Starting point is 00:18:13 I think what's interesting, too, to go back to the earlier conversation around the vantage point you have on open source and you mentioned how the community is getting driven and how recently the Slack was formed and there's community being formed. What do you, what do you see as community drivers for, for you in the Philippines? Do you feel like, you know, in the United States or in Europe or different areas, you feel like they're, they're more advanced or where do you see the Philippines and your local area you know in terms of like developer community okay so whenever i go to meetups in other countries one thing i would
Starting point is 00:18:52 really notice that is different from here and over there is just it's something about culture as well of people being in a room with other strangers. And there are some cultures that welcome this kind of setup very openly. You would go to meetups in other countries and they would be more like parties. They would be very social gatherings. And this is wonderful. The thing about our culture here in the Philippines is a lot of people are pretty shy a lot of people aren't really that outgoing so as a result sometimes we don't get a lot of people attending meetups or when they attend meetups it's it's just a different kind of vibe than it would be in other places and one thing I think is great is,
Starting point is 00:19:45 you know, now that we have online communities, we're starting to get people out there connecting to more people, not just offline, but also online. So I think that's great because it really goes well with our culture of, you know, being reserved people. And I remember a couple of years ago,
Starting point is 00:20:08 there would be a lot of great talent. There would be people who are really great at what they do, but you just never really hear about them because you never go out. They never really put themselves out there. And now that we have more avenues to express ourselves, we got Facebook, we got Twitter, and I think it's just really
Starting point is 00:20:26 fostering this really good sense of community. Do you find that you have more, I don't know, you're less shy, more outgoing, more confident online than in real life? Like, does the community reflect you in that way? Or do you feel like you're somewhat different from your surroundings in that regard? I don't really know. There would be times that I would feel a little more seclusive. There would be times I would feel pretty outgoing. So just like any other person, I probably have different moods and swings.

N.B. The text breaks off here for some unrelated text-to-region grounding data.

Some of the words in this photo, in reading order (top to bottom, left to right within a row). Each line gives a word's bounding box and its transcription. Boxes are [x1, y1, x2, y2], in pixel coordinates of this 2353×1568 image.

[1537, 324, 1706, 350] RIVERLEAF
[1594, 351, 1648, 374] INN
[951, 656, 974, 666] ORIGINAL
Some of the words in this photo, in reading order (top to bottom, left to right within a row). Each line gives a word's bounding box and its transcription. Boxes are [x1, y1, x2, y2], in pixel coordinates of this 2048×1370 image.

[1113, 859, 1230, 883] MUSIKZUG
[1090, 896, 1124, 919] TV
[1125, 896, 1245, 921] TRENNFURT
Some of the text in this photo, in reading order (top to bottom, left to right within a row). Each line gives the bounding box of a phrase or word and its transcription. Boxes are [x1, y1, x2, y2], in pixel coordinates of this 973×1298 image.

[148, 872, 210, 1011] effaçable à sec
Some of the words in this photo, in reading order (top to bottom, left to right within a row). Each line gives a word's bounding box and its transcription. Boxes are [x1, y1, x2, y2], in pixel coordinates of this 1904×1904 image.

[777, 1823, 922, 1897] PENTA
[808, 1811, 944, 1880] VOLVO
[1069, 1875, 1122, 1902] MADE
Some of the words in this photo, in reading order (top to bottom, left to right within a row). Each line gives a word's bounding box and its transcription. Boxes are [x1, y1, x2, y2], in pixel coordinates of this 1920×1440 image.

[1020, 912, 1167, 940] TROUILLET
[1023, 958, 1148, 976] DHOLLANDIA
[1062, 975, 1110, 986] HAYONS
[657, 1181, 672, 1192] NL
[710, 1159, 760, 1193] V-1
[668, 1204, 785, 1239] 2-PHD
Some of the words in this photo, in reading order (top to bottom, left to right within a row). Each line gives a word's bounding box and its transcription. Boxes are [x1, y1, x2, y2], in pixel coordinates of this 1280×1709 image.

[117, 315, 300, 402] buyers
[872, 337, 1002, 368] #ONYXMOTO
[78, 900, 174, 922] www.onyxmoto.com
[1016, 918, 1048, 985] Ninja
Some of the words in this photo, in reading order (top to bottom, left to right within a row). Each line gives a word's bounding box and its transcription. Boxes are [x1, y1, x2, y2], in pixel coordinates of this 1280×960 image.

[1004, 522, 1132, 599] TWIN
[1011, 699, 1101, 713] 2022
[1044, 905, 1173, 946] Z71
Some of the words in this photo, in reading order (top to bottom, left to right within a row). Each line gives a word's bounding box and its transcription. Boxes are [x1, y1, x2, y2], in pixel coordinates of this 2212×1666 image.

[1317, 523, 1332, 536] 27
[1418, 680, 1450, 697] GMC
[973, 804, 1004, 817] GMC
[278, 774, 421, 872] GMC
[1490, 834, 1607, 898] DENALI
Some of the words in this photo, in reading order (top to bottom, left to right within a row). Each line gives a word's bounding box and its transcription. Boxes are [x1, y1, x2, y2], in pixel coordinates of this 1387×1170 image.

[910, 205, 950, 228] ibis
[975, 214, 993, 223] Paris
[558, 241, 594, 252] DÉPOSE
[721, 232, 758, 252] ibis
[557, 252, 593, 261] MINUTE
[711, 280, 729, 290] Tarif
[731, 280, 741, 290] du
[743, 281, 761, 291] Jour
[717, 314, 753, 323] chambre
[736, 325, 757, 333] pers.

Starting point is 00:20:58 So I'm not sure I would be a good representation of everyone. One aspect that I, just looping back to the little bit of the sales side, which is a term that probably a lot of us don't love, like selling your open source projects or getting people interested, whatever you want to call it. You mentioned that you really came from a design perspective into software and open source. And that's very much reflected in all of your work.
Starting point is 00:21:27 I mean, if you go to defense.io and then your other project, rscss.io and the JavaScript one, which is very similar, they all have very thoughtful and just, I would say, aesthetically pleasing design. That seems to also play to the strengths of getting people interested in your work. Have you found that to be something that resonates with folks in terms of the amount of design effort you put into it? I can't really say definitively that it's a yes or no, but there are people who would say that it is.
Starting point is 00:22:03 There would be people who would say that they're more interested in something because it doesn't look ugly. So I think there's definitely something there. Yeah, like I said, I came from a background of design. So sometimes just to make open source projects is probably one of my excuses to design something. Yeah, I think from that perspective, I'll say you're very fortunate because there's
Starting point is 00:22:31 many of us, and I can put myself in this particular bucket, where I have a taste for design but no ability to create it. And so lots of times that will stop me from releasing things or I dread creating the super simple website that I know this thing needs because I'm going to struggle so much by not living up to my own standards in design. It seems like so many open source
Starting point is 00:22:57 projects could benefit so immensely from design help and there's like this chasm that we need to bridge between the two. I think I don't have any real answers on how we could actually bridge that. Adam, maybe you have some ideas. Well, I think I'm observing what you're observing.
Starting point is 00:23:16 I think for, I'm assuming, Rico, that the documentation sites you've got out there for like RSJS is homegrown. Is that homegrown or is that something that you pulled from somewhere else? Yes, it's homegrown. It's powered by a project called DocPress, which a couple of contributors have helped me put together. And I mean, just like Jared said, I think that, you know, you come into your documentation, your sites, even InProgress was a very aesthetically pleasing site. I think what you see there when you have good design is not so much like, oh, because of the good design, I love this project.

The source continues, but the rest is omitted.